[...]
That seems to me an inaccurate description of this thread.
Kanze has pointed out the strengths of text formats, but
has also noted that there are times when binary formats
are needed. Who has been saying that text formats are
"universally preferable" to binary formats?
I think he missed a "when possible", or something similar.
*You* are accusing *me* of missing the fine print??!!
Let's see what I have written. From my post
http://groups.google.no/group/comp.lang.c++/msg/1c4004bbac86a046
[RA] > > File I/O operations with text-formatted floating-point data
[JK] > A lot of time compared to what?
[RA] Wall clock time. Relative time, compared to dumping
binary data to disk. Any way you want.
...
[RA] > > The rule-of-thumb is 30-60 seconds per 100 MBytes of
[JK] > Try it on what machine
.
[RA] Any machine. The problem is to decode text-formatted numbers
to binary.
...
Here is a test I wrote in matlab a few years ago, to demonstrate
the problem (WinXP, 2.4GHz, no idea about disk):
[matlab code snipped]
Output:
------------------------------------
Wrote ASCII data in 24.0469 seconds
Read ASCII data in 42.2031 seconds
Wrote binary data in 0.10938 seconds
Read binary data in 0.32813 seconds
------------------------------------
Binary writes are 24.0/0.1 = 240x faster than text write.

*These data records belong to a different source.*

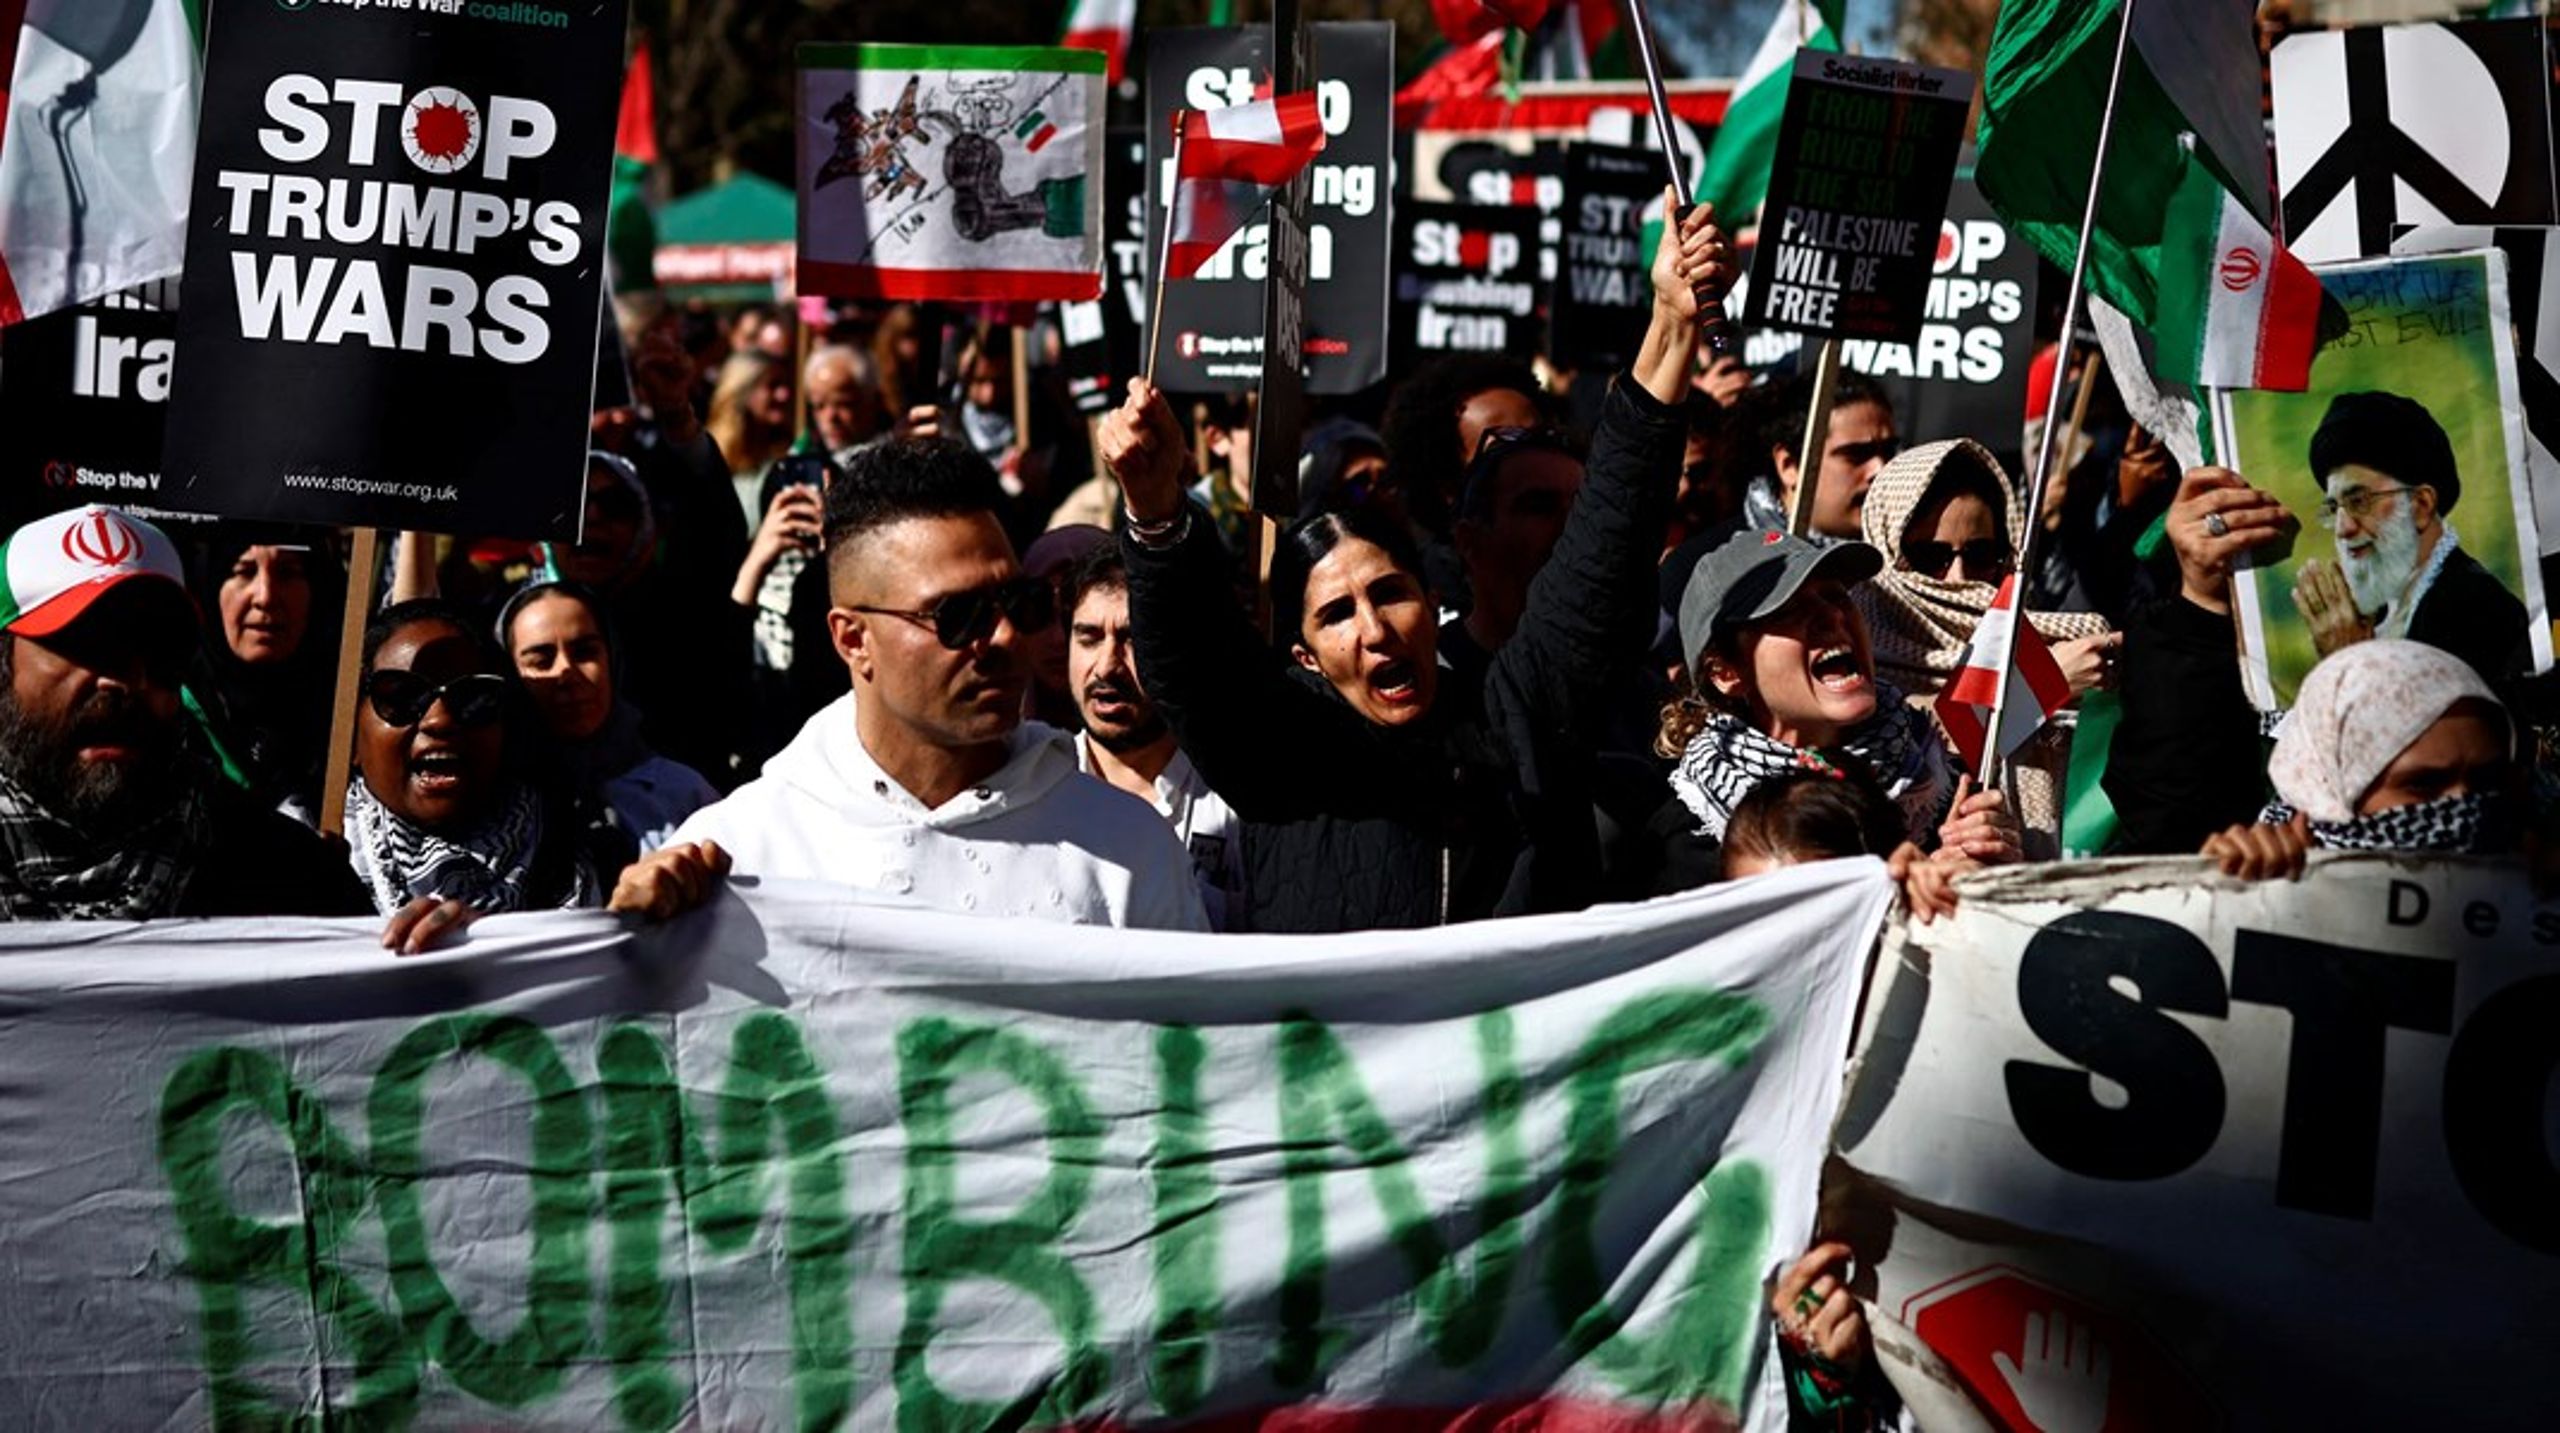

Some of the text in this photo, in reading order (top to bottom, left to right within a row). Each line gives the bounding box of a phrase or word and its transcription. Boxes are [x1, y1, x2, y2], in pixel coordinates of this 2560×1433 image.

[467, 2, 568, 28] coalition
[258, 73, 557, 181] STOP
[1797, 127, 1884, 174] RIVER
[217, 170, 582, 267] TRUMP'S
[1780, 205, 1920, 257] PALESTINE
[1773, 243, 1883, 294] WILL BE
[231, 251, 550, 364] WARS
[1416, 303, 1506, 349] Iran
[1763, 283, 1840, 330] FREE
[2395, 306, 2485, 346] EVIL
[76, 467, 115, 490] Stop
[119, 471, 147, 489] the
[284, 474, 458, 503] www.stopwar.org.uk
[158, 984, 1773, 1433] BOMBING
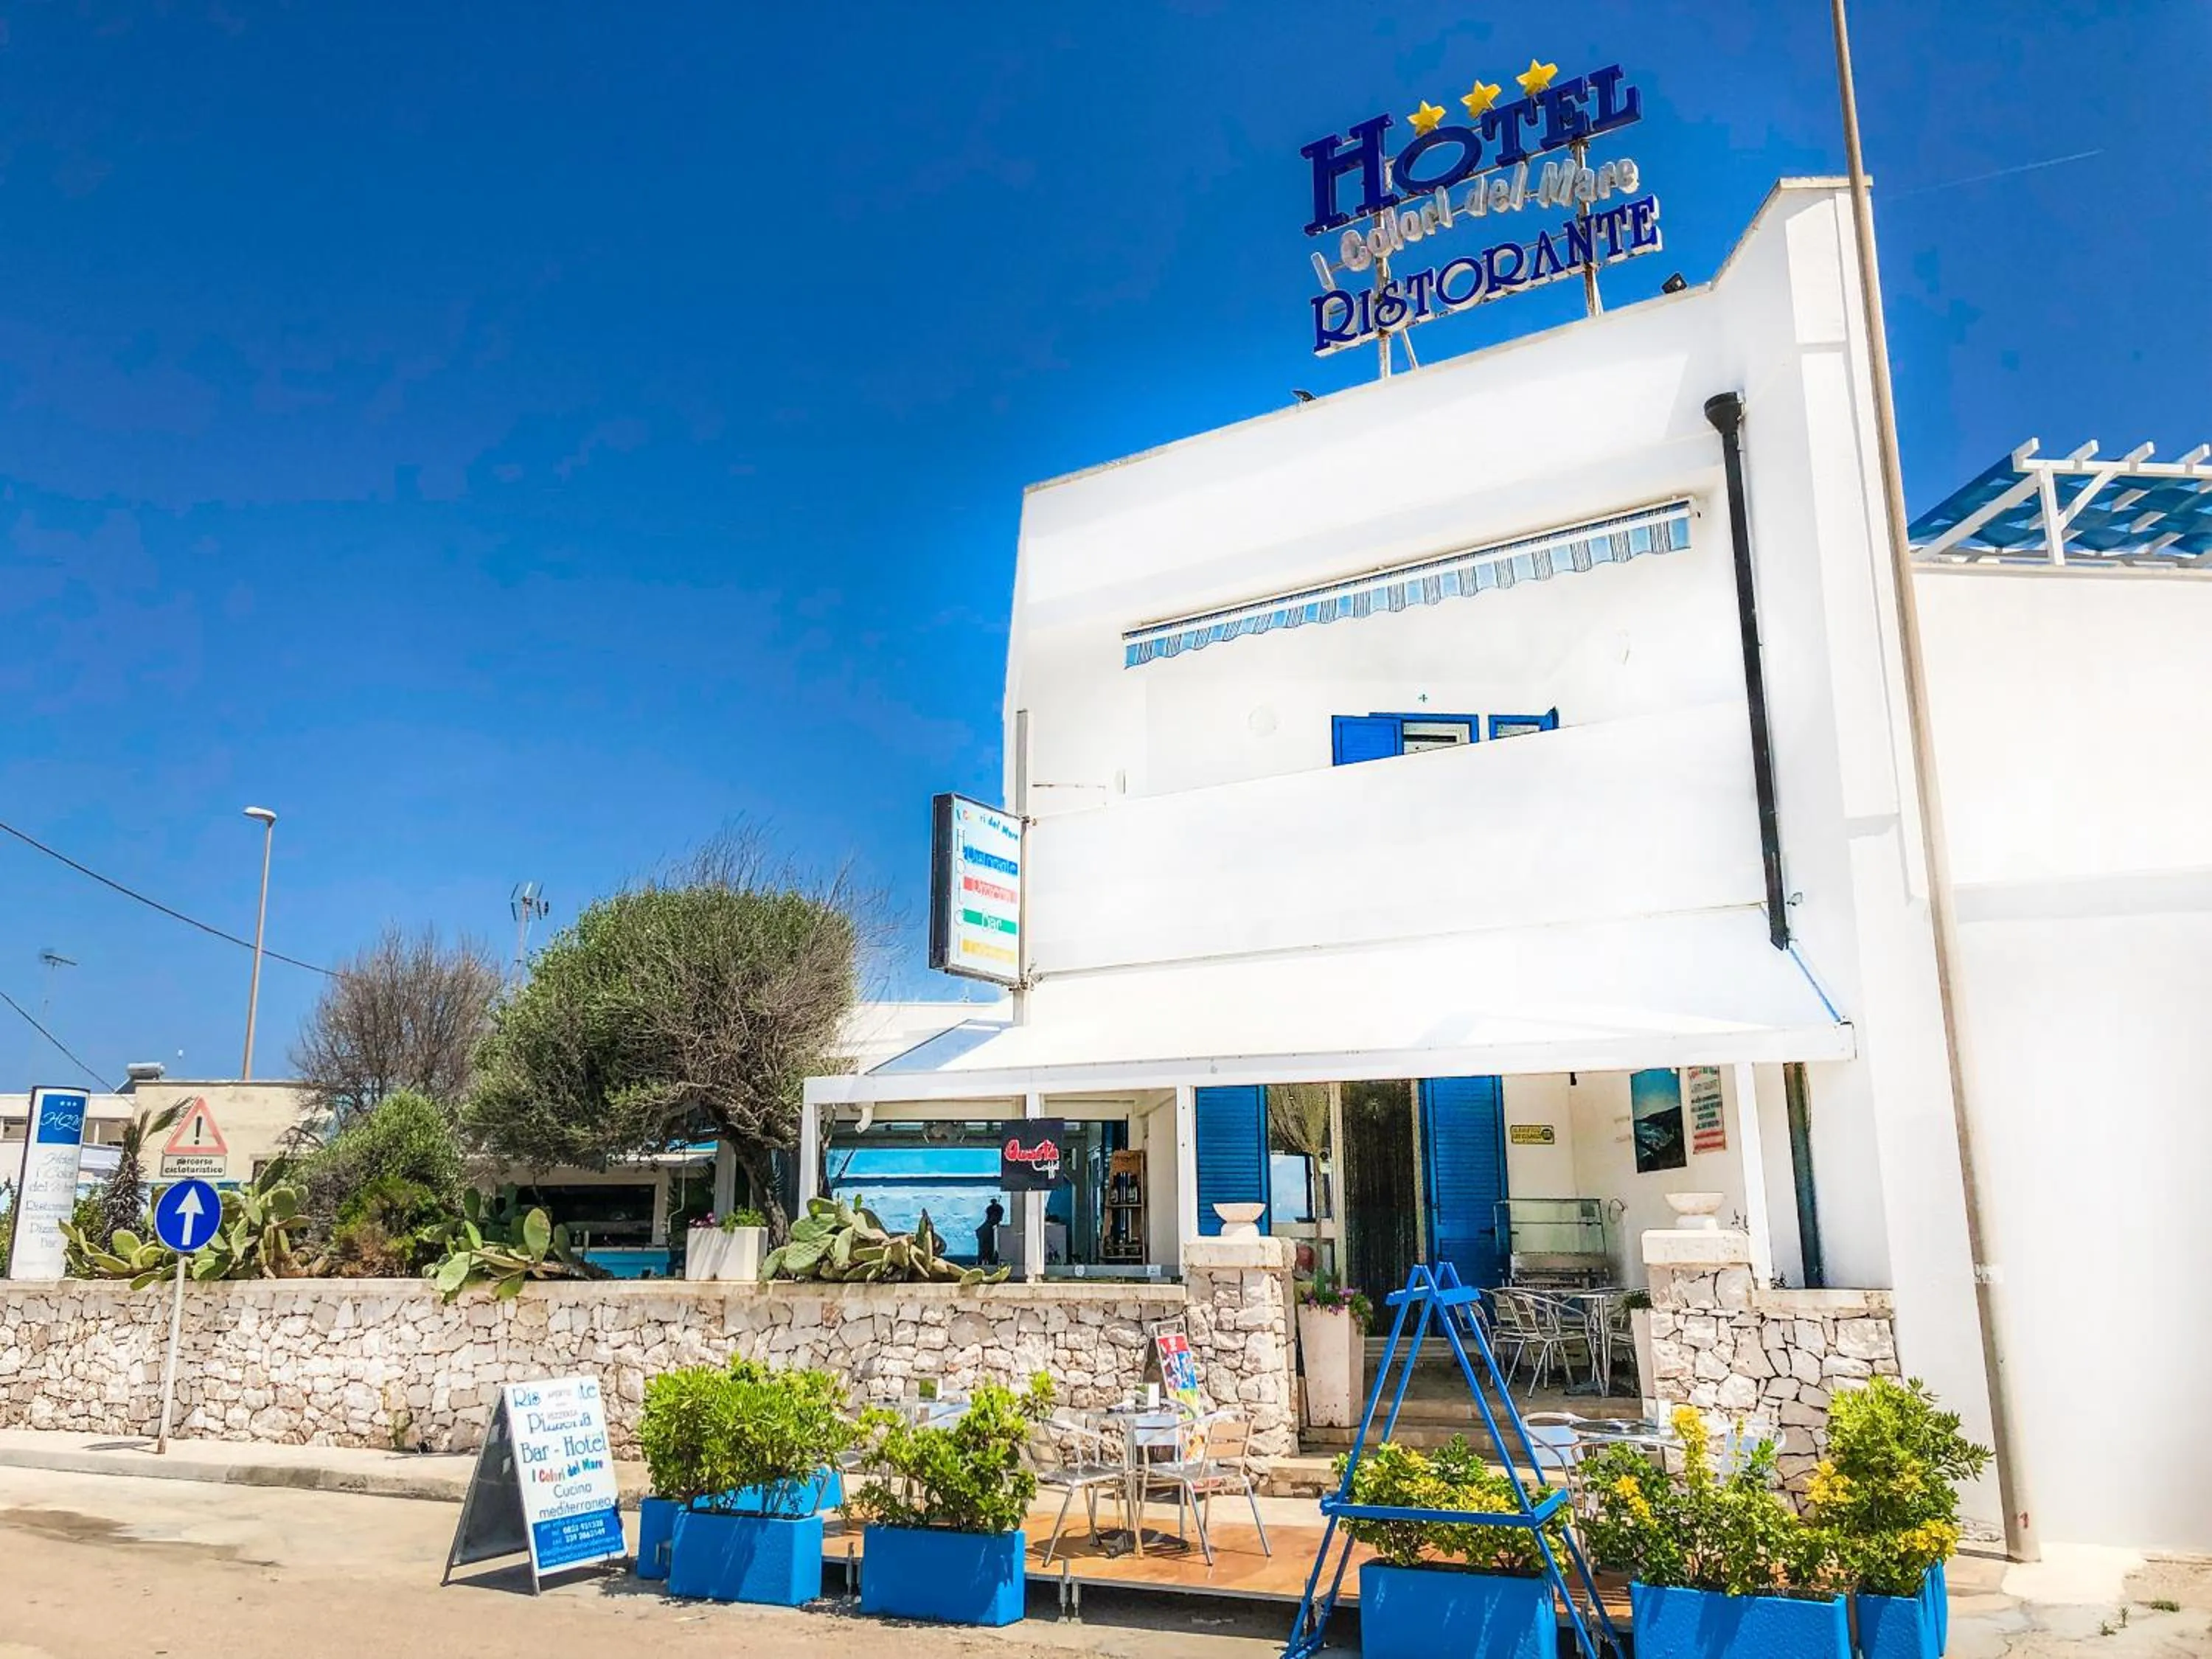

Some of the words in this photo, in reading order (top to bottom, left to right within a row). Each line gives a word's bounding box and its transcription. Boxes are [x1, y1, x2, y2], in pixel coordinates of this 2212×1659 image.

[1301, 64, 1641, 236] HOTEL
[1340, 186, 1453, 271] Colori
[1464, 162, 1528, 216] del
[1538, 159, 1639, 209] Mare
[1310, 195, 1663, 357] RISTORANTE
[177, 1157, 212, 1165] percorso
[520, 1442, 549, 1464] Bar
[563, 1430, 607, 1457] Hotel
[539, 1467, 566, 1483] Colori
[567, 1459, 580, 1477] del
[582, 1458, 604, 1471] Mare
[554, 1483, 592, 1498] Cucina

Binary reads are 42.2/0.32 = 130x faster than text read.
...
The timing numbers (both absolute and relative) would be of
similar orders of magnitude if you repeated the test with C++.
...
The application I'm working with would need to crunch through
some 10 GBytes of numerical data per hour.
I think these excerpts should be sufficient to sketch what
kind of world I am living and working in.
Do note thet I never - unlike some other paricipants in this
thread - claimed my numbers to be exact. I am fairly certain
my English is good enough that the above would reasonably be
expected to be interpreted by a reader as *representative*
numbers. If you look closely, I also commented that coding
up a program in C++ instead of matlab as I had done, would
result in *different* numbers, but not solve the fundamental
problem.
So I can't see any reason why you attack me for my numbers
being "wrong"; I never stated they were exact.
A few posts further out:
http://groups.google.no/group/comp.lang.c++/msg/0abdc440e78f98d6
[RA] So what does text-based formats actually buy you?
[JK] Shorter development times, less expensive development, greater
reliability...
In sum, lower cost.
[RA] As long as you keep two factors in mind:
1) The user's time is not yours (the programmer) to waste.
2) The users's storage facilities (disk space, network
bandwidth etc) are not yours (the programmer) to waste.
[JK] The user pays for your time. Spending it to do something
which
results in a less reliable program, and that he doesn't need,
is
irresponsible, and borders on fraud.
This one really pissed me off. Here I had explained to you
what application I am working with, made you aware of the users
requirements in the operational situation, and you explicitly
state that paying attention to such concerns is 'borderline fraud'!
So I can not interpret this in any other way than that you will
use text-based formats, come hell or high water. Which essentially
invalidate any otherwise relevant arguments you might have presented
throughout thread.
Binary formats are an optimization:
No, it's not. The selection of file formats is a strategic desing
decision on a par with using binary O(lgN) or linear O(N) search
engines; like choosing betweene a O(NlgN) quick sort or a O(N^2)
bubble sort algorithm.
Such factors govern what problems can be handled by the software
with reasonable effort and within reasonable time.
True, both binary and text-based numerical IO are O(N), but since
text-based numerical IO is orders of magnitude slower, the strategic
impact on design decisions is the same.
you sometimes need this
optimization (and you certainly should be aware of the
possibility of using it), but you don't use them unless timing
or data size constraints make it necessary.
Hipocrate!
This is exactly what I have been arguing for days and weeks already.
What changed?
Rune